L’après-midi passa trop vite. Pour la première fois de sa carrière, Gassner allait désobéir à un ordre. Il n’avait pas l’intention de lâcher cette mission.
D’un pas décidé, le colonel entra dans le hall du quartier général. Il portait son uniforme des grandes occasions. Il était impeccablement coiffé et rasé de près. Sur sa poitrine, cinq médailles alignées tintaient au rythme de ses pas vifs. Son ceinturon blanc lustré contrastait sur sa veste bleu marine et marquait sa taille. Le planton de garde fut si impressionné par sa prestance qu’il n’osa même pas vérifier son badge d’accès. Il se mit aussitôt au garde-à-vous.
Gassner se dirigea vers l’ascenseur. Dans la cabine, il vérifia rapidement son reflet dans le miroir. Il ajusta son col et rectifia sa casquette galonnée. Il ne manquait pas d’allure. Sa carrure et son regard bleu faisaient leur petit effet. D’une main, il se massa la tempe. Décidément, ce maudit mal de crâne ne le lâchait pas.
Il avait trente minutes d’avance sur l’heure de la réunion, mais comptait dessus pour trouver le général seul dans son bureau.
Arrivé à l’étage, Gassner ne rencontra plus que la permanence de garde. Le secrétariat du général était désert. Martha était partie plus tôt ce soir-là. Dommage. Gassner aurait bien aimé la voir. Depuis toutes ces années qu’ils se connaissaient, elle avait toujours été gentille avec lui. Ils avaient eu de bons moments ensemble. Il leur était même arrivé d’aller prendre un verre. Ce soir, plus que jamais, il aurait eu besoin de son affectueuse complicité.
Il salua le permanent de faction et se dirigea sans hésiter vers le bureau du général. Il frappa et entra sans attendre la réponse. Dans le halo lumineux de sa haute lampe cuivrée, Morton était occupé à lire un rapport.
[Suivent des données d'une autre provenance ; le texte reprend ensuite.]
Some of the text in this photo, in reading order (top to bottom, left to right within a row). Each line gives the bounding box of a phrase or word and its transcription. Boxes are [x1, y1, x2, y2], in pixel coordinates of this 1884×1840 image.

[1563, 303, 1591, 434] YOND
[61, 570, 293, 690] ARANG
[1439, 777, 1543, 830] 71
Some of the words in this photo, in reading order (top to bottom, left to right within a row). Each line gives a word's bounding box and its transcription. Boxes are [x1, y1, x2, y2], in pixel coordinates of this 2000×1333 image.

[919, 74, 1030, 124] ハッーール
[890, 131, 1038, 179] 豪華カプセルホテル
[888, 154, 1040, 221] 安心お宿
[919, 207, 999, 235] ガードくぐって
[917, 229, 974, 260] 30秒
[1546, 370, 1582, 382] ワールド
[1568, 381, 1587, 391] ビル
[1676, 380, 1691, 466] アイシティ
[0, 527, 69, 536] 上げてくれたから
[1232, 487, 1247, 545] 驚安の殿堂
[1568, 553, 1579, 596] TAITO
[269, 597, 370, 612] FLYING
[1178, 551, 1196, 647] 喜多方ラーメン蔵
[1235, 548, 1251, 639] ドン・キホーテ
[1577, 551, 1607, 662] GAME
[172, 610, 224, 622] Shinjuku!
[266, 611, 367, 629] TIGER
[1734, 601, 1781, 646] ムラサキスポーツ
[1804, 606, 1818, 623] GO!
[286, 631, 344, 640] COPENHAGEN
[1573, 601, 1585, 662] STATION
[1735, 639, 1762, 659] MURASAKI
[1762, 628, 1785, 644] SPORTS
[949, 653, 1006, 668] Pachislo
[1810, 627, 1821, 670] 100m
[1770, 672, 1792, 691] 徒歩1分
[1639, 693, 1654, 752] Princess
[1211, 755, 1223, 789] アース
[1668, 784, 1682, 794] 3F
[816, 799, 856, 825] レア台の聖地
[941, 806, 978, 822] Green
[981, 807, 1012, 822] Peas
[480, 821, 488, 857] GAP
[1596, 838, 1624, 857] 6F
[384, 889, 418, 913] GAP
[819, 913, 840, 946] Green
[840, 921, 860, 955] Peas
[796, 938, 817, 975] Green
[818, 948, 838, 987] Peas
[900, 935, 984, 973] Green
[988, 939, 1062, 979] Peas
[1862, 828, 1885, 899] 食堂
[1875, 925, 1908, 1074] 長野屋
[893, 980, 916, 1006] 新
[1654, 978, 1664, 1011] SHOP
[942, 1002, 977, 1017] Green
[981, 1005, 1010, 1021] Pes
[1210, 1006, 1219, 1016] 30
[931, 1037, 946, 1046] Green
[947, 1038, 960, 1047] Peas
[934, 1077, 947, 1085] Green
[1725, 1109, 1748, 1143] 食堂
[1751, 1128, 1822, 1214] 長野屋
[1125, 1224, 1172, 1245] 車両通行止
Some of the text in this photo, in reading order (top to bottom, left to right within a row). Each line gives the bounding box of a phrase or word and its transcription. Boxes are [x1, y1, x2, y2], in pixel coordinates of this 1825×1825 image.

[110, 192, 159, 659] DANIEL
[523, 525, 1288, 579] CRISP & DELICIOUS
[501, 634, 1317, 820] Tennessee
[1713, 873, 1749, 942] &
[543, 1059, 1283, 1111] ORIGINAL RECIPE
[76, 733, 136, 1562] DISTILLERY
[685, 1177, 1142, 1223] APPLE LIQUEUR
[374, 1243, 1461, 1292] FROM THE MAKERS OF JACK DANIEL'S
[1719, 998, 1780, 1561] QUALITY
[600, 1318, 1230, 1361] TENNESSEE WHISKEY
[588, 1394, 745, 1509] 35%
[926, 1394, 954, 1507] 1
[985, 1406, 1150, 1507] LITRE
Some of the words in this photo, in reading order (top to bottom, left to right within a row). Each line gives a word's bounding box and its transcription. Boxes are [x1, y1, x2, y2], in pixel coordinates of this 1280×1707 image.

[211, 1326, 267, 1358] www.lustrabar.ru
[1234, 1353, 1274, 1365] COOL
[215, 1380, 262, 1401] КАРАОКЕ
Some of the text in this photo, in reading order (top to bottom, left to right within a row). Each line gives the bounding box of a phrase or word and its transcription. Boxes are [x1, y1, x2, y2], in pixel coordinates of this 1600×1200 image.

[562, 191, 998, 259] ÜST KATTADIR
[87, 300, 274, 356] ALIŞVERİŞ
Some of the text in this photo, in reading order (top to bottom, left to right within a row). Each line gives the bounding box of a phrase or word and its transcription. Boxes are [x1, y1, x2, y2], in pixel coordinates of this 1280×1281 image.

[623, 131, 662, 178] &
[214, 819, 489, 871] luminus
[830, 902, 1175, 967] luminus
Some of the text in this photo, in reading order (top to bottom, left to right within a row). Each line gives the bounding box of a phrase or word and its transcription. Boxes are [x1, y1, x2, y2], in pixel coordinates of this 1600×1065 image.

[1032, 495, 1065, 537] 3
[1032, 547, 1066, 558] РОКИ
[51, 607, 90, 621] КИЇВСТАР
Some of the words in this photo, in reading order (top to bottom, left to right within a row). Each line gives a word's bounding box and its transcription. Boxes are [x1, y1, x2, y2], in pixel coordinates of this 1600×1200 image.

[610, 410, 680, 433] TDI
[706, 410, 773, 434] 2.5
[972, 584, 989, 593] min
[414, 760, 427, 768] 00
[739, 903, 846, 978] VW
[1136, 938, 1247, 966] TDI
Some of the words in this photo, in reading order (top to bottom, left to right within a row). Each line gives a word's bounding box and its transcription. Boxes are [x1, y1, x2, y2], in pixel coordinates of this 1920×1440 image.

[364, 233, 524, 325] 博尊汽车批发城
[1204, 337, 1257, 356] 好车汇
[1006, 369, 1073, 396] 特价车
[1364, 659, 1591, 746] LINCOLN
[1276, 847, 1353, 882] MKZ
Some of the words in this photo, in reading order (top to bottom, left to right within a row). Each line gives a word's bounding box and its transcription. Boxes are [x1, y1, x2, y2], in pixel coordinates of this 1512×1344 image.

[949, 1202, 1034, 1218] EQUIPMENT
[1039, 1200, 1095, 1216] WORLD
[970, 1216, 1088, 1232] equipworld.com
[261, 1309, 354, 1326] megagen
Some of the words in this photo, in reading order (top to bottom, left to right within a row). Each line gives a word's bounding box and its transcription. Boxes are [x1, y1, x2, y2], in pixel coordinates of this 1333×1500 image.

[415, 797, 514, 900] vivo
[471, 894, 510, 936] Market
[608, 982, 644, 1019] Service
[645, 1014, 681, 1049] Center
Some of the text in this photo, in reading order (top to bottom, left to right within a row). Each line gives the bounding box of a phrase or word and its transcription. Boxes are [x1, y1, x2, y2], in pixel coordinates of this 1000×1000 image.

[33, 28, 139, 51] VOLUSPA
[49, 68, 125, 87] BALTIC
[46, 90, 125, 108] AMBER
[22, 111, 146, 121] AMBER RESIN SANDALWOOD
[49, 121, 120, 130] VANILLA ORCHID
Il leva les yeux.
— Vous êtes en avance, colonel.
— Je sais, mon général, mais je souhaitais vous voir seul à seul.
— Désolé, je n’ai pas le temps. De toute façon, ce n’est plus moi qui décide.
Le général baissa les yeux et fit mine de se concentrer sur la page qu’il tenait.
Gassner s’approcha du bureau et déclara d’une voix monocorde :
— Ce n’est pas grave. Cela n’a plus d’importance.
— J’ai de l’estime pour vous, Gassner, argumenta Morton, et je vous assure que si tout ce merdier dépendait de moi, ça ne se passerait pas comme ça. Mais que voulez-vous, cette fois-ci, ça me dépasse…
— Vous ne m’avez pas compris, mon général. Je vous ai dit que cela n’avait aucune importance.
Morton, surpris par le ton sec de la remarque, se redressa et dévisagea son subalterne. Gassner reprit :
— Je ne suis pas venu vous demander une faveur ou une protection. J’ai toujours fait mon job du mieux que je le pouvais, en faisant attention à mes gars et en servant les intérêts de mon pays. J’ai la conscience tranquille.
— Alors que voulez-vous ?
— Vous dire que vous commettez la plus grande erreur de votre vie.
Le général lâcha sa feuille.
— Colonel, vous dépassez les bornes !
Morton allait se mettre en colère, mais Gassner le coupa :
— Je démissionne, mon général.
— Cela ne changera rien aux sanctions, rétorqua le général. Même si vous me remettez votre lettre ce soir, ça ne vous sauvera pas : ils antidateront le rapport.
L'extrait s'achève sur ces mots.